Trust plays a key role. At Tata Motors, this means active engagement and involvement with the communities in which we operate. We must always look after their well-being and welfare. [The pandemic] reinforces how we are all interconnected and responsible for one another in ways beyond what we might have envisaged—whether it’s employees, customers, suppliers, or communities. We have worked hard to stand with our ecosystem partners, and I think this purposeful, ecosystem-centered approach is helping us weather the crisis—or at least weathering it better. As an organization, we can only be as strong as our ecosystem, and we are committed to coming out stronger after the crisis together.

The Quarterly: Let’s change focus if we could and look at trends shaping the industry. Take a concept like mobility, which is evolving, but in the classic imagination has historically been equated with the automobile as a “freedom machine.” How is the future of mobility shaping up in India? Are we moving toward more shared mobility, mobility as a service? Or will the automobile continue to be a highly personal expression?

Guenter Butschek: If you would have asked me the same question pre-COVID, my answer would have been very different. Before, we were seeing a clear shift toward the “asset light” model, led by India’s young population, with its clear preference toward a shared economy. They didn’t want the hassle of car ownership with maintenance, parking, et cetera. Several start-ups created a business out of the shift—with varying degrees of success.

Post-COVID, the world has changed. Customers are now seeking safe, personal mobility solutions. We see a clear shift toward ownership for both two-wheelers and four-wheelers; because [of the virus], both are considered to be much safer to use than public transport. We are seeing an increase in first-time buyers, customers who possibly wouldn’t have had such priorities before. Convenient financing and lower down payments are contributing to this.

The Quarterly: How sustainable is the shift?

Guenter Butschek: That’s the big question. Is the demand a flash in the pan or something else? After we get a vaccine, after we’re out of the COVID-19 scare, for lack of a better term, will customer priorities shift back? India’s starting point is different from other countries. The US has 800 cars per 1,000 people. Germany has about 600. India is about 22 cars per 1,000 people. Yet the same trends and challenges around technology affect India too—in connectivity, electrification, advanced driver-assistance systems. These trends are the same everywhere.

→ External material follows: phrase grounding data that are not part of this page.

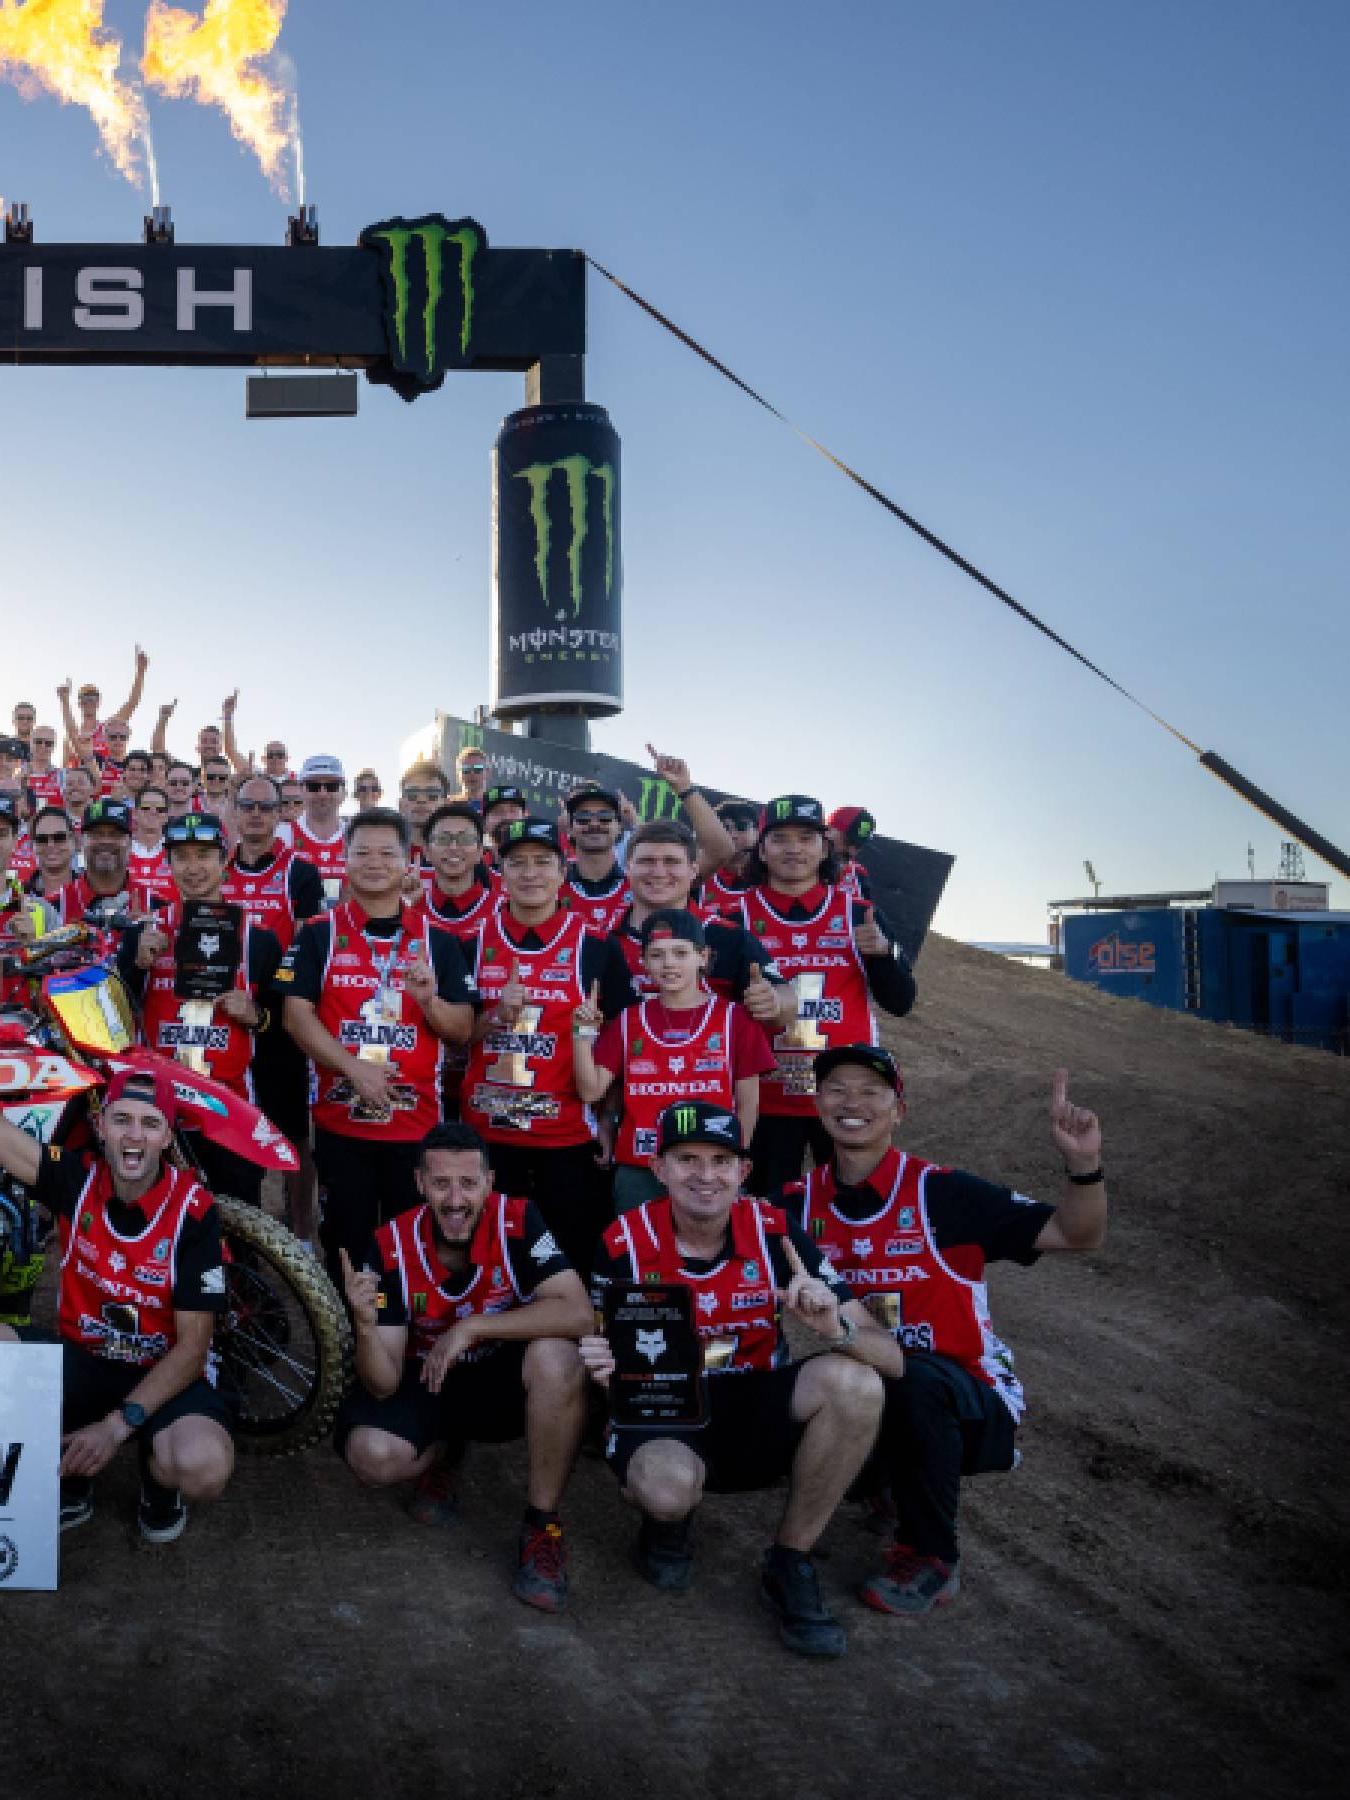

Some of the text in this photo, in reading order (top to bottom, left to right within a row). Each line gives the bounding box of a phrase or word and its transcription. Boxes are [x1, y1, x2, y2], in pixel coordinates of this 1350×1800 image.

[774, 956, 850, 968] ONDA
[482, 986, 570, 1002] HDA
[342, 1022, 416, 1050] HERLINGS
[627, 1079, 723, 1096] HONDA
[840, 1265, 930, 1283] ONDA

Not that long ago, I would have taken the bet that India would leapfrog other countries in some of these developments—the so-called ACES 1 trends—leveraging the country’s social-demographic differences. Now, with COVID, we need to give this frog a little bit more time.

[The pandemic] reinforces how we are all interconnected and responsible for one another in ways beyond what we might have envisaged—whether it’s employees, customers, suppliers, or communities.

The Quarterly: Let’s look ahead ten years. Paint a picture of India, and Tata Motors.

Guenter Butschek: I’d say the only thing you can take for granted is that in ten years’ time I will have retired. [Laughs.] But on a more serious note, in 2030, India will most likely have the third- or fourth-largest economy in the world. Household consumption will have doubled; the government’s investment in reducing poverty and enhancing social capital through education, health, skill development, infrastructure, and affordable housing all will have started yielding sustained benefits, complementing those derived from economic growth. That potential to leapfrog in technology and other developments will remain strong.

For Tata Motors, I’m sure that by 2030 we will have become a much more agile organization, continuing to embrace the advances in technology for connecting aspirations with innovative mobility solutions, and all with a strong commitment to enhance the quality of life in the communities we operate in.